Paru dans Scolaire le mercredi 10 janvier 2018.

Le dernier numéro de la revue "Recherches en éducation" a pour titre "Aux sources de la confiance dans la relation éducative" et l'éditorial d'Hubert Vincent s'ouvre sur ce cri : "Peut-être bien que les philosophes n’ont-ils jamais voulu qu’une seule chose : se débarrasser (...) de la croyance qu’il y a des maîtres, qu’il devrait y en avoir, qu’il y en a forcément quelque part, et des maîtres qui savent (...). Et dire cela n’implique pas qu’ils ne furent pas attentifs au fait que, dans l’expérience de chacun, il ait pu se trouver des maîtres de rencontre, des gens, des vivants, des oeuvres, des pratiques, ordinaires ou extraordinaires qui, comme disait Paul Valéry, enseignaient, dans la mesure même 'où ils faisaient voir autrement ce que nous ne savions pas voir'."
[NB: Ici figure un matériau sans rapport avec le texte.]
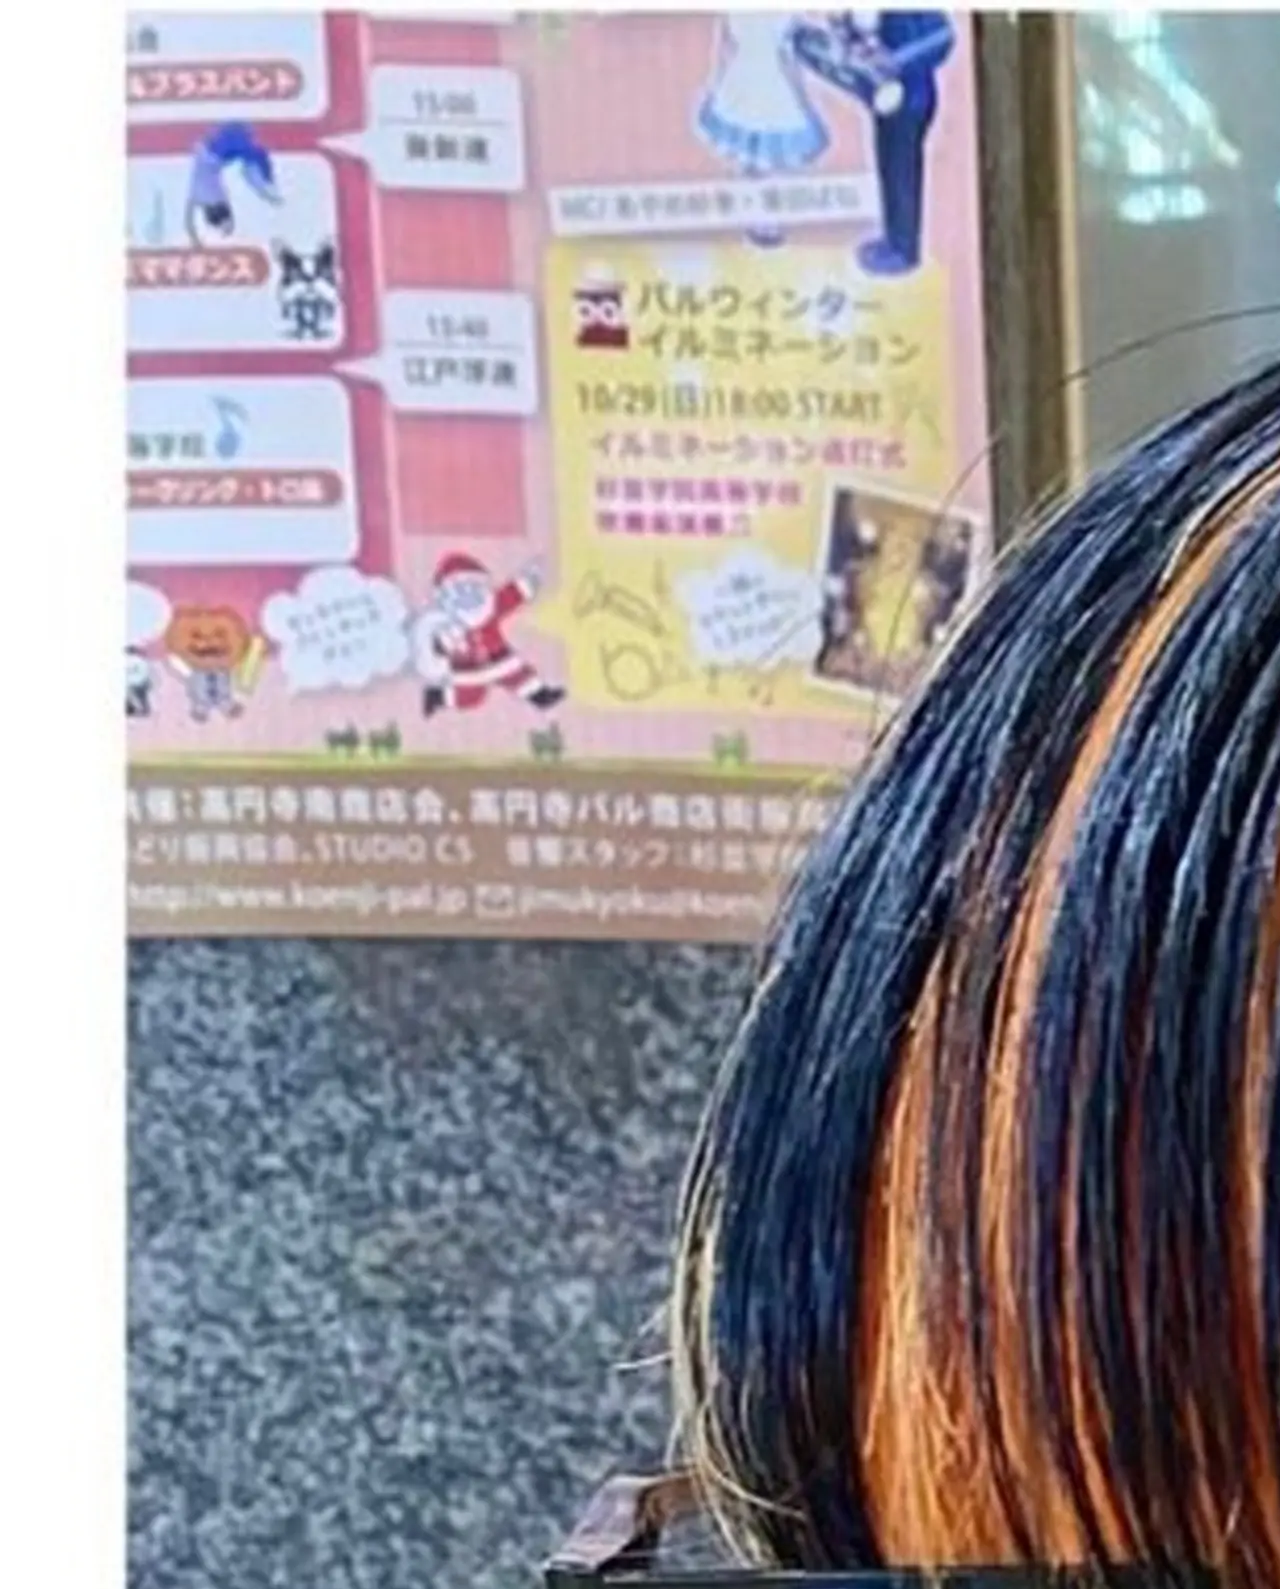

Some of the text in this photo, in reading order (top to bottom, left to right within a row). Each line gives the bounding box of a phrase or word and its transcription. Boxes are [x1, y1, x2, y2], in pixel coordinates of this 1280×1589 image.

[637, 281, 884, 320] パルウィンター
[638, 324, 922, 366] イルミネーション
La question n'est donc plus tant de savoir s'il y a confiance, mais de quel type de confiance il s'agit. Didier Moreau (Paris 8) distingue celle qui conduit à la "conversion" et celle qui pousse à la "métamorphose". La première suppose "un maître de vérité" et "une relation de séduction" tandis que la seconde "pose plutôt le motif d’un sujet pour qui s’apprendre c’est se métamorphoser, se changer, dans le jeu des interactions fécondes avec autrui". Il met en garde, "le discours éducatif semble être devenu, depuis une ou deux décennies, sensiblement plus souriant. Les termes de bienveillance, sollicitude, estime et confiance, ont répudié dans les coulisses obscures ceux, plus sévères, de connaissance, de vérité, d’engagement et d’effort. Il ne faut pas s’y tromper, les pratiques pédagogiques n’ont, elles, guère changé, et sous le sourire apparent agit toujours la même logique de subalternisation de ceux qui apprennent vis-à-vis de ceux qui les enseignent."

Le savoir, le pouvoir 

Pour lui, la confiance légitime dans l’éducateur "n’est pas une promesse de savoir", son but n'est pas "le maintien d’une relation inégale entre éducateur et éduqué, mais tout au contraire l’affirmation de la confiance en soi qui résulte de l’engagement résolu de l’éduqué dans un savoir qui lui donne la force d’agir et de continuer à se former". Dès lors, la vérité "se construit dans cette capacité du sujet à expérimenter qu’il se change en se formant" et qu'il devient, pour reprendre la formule de Sénèque "l’ami de soi-même". Mais le philosophe met en garde : "la confiance en soi est ce qui déstabilise toute hiérarchie qui résulte de la distribution inégale des savoirs." 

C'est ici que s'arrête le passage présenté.